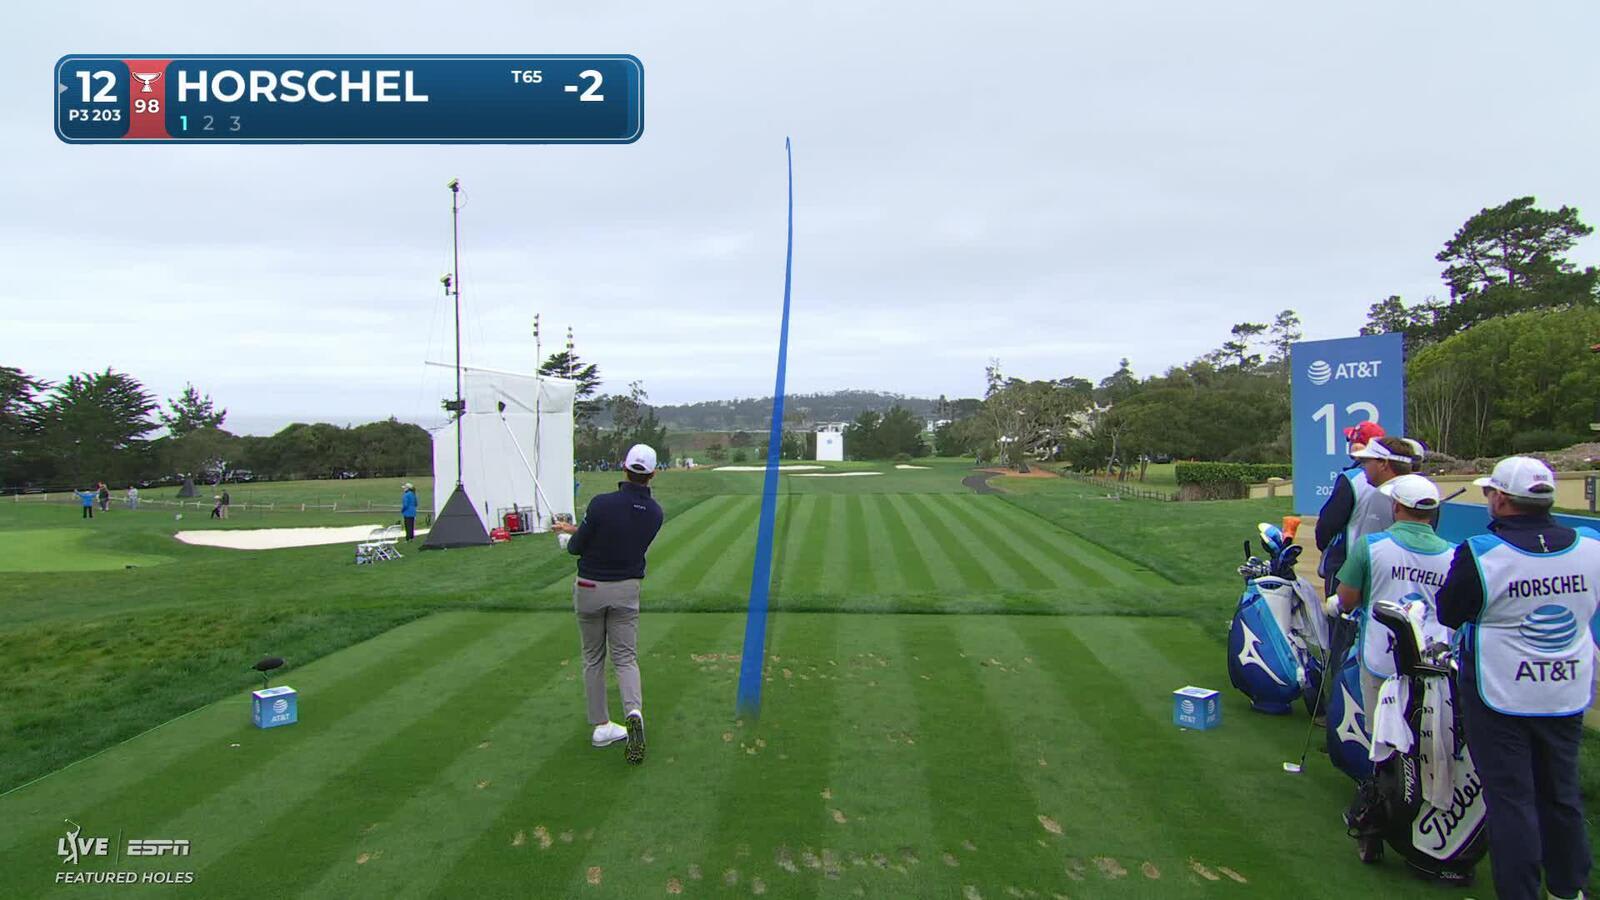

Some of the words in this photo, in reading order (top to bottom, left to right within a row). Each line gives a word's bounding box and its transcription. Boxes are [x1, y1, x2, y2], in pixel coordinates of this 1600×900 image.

[1335, 360, 1382, 380] AT&T
[1391, 565, 1446, 588] MITCHELL
[1508, 574, 1588, 598] HORSCHEL
[1515, 659, 1581, 682] AT&T
[1419, 772, 1484, 851] Titlei
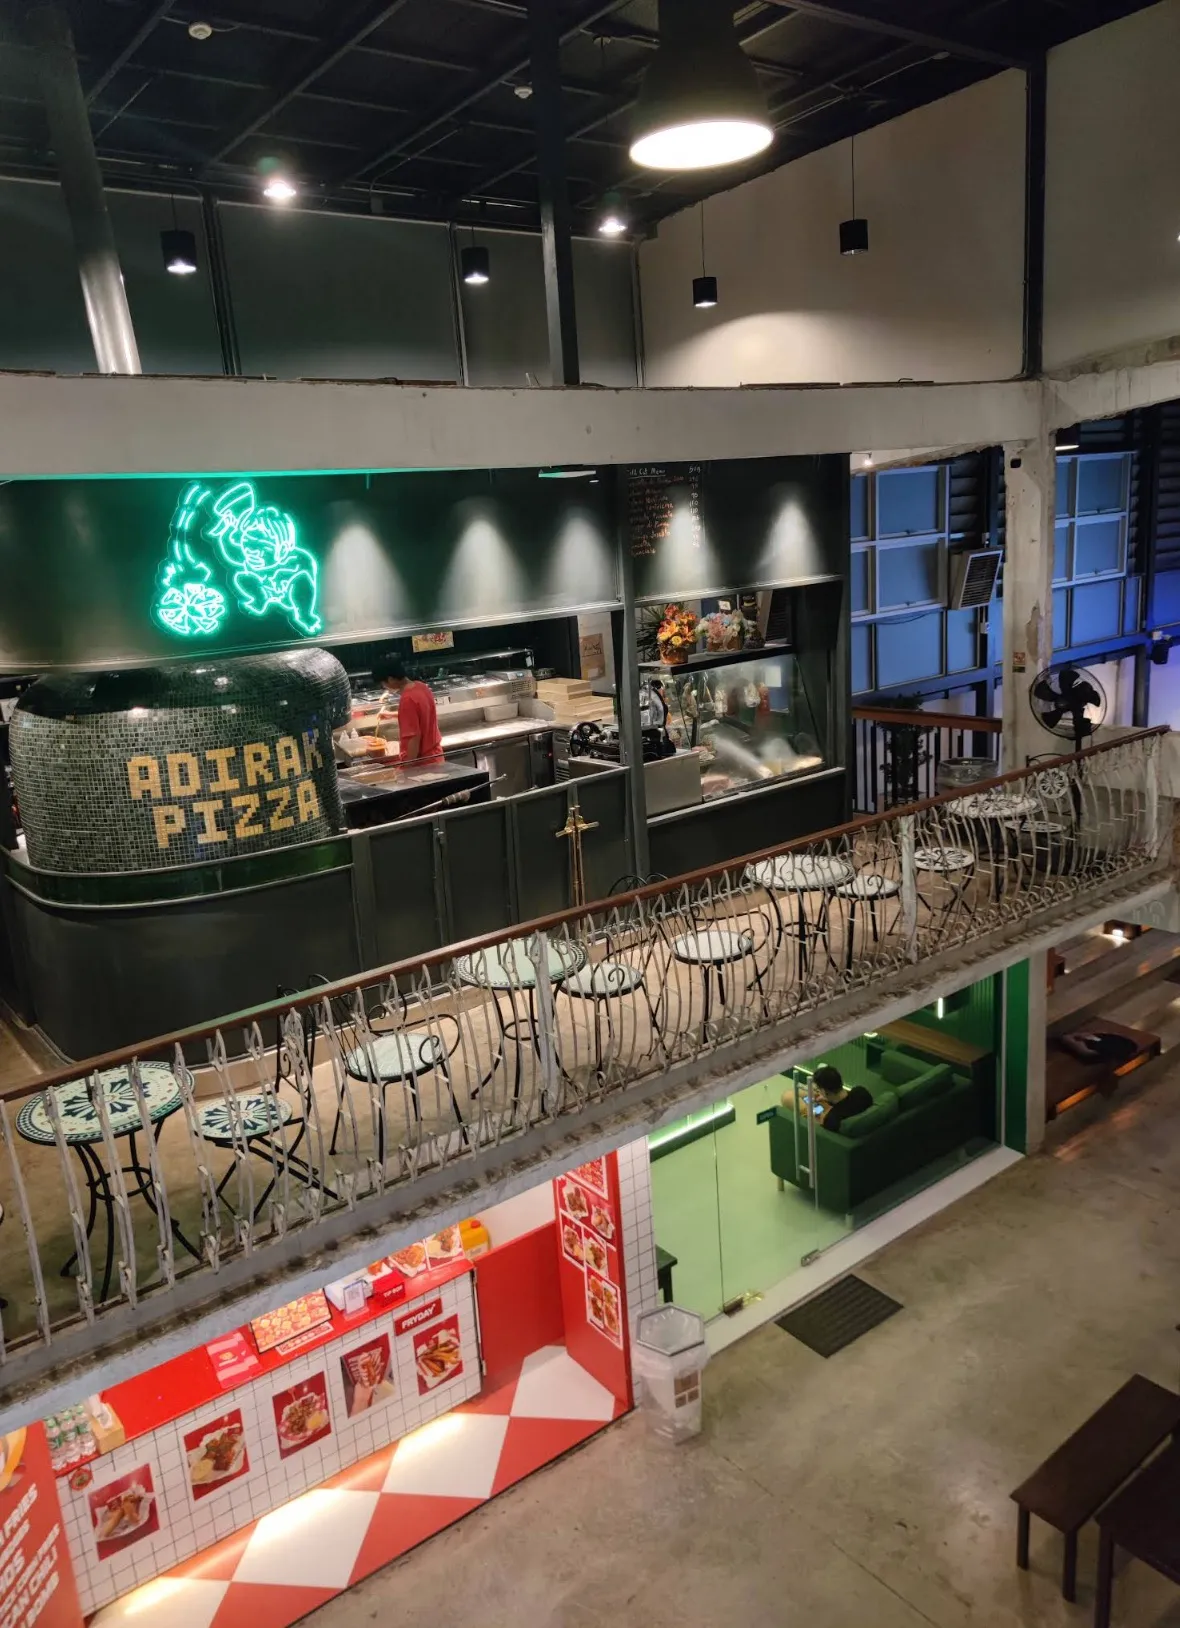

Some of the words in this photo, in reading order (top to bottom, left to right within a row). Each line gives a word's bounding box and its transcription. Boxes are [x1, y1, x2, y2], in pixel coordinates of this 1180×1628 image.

[127, 728, 324, 801] ADIRAK
[151, 779, 320, 849] PIZZA
[402, 1303, 436, 1329] FRYDAY
-*-
[Work task]: Output the full material above exactly, leaving every picture out.

[Written solution]:
Some of the words in this photo, in reading order (top to bottom, left to right within a row). Each line gives a word's bounding box and its transcription. Boxes are [x1, y1, x2, y2], in pixel coordinates of this 1600×900 image.

[1335, 360, 1382, 380] AT&T
[1391, 565, 1446, 588] MITCHELL
[1508, 574, 1588, 598] HORSCHEL
[1515, 659, 1581, 682] AT&T
[1419, 772, 1484, 851] Titlei

Some of the words in this photo, in reading order (top to bottom, left to right within a row). Each line gives a word's bounding box and its transcription. Boxes are [x1, y1, x2, y2], in pixel coordinates of this 1180×1628 image.

[127, 728, 324, 801] ADIRAK
[151, 779, 320, 849] PIZZA
[402, 1303, 436, 1329] FRYDAY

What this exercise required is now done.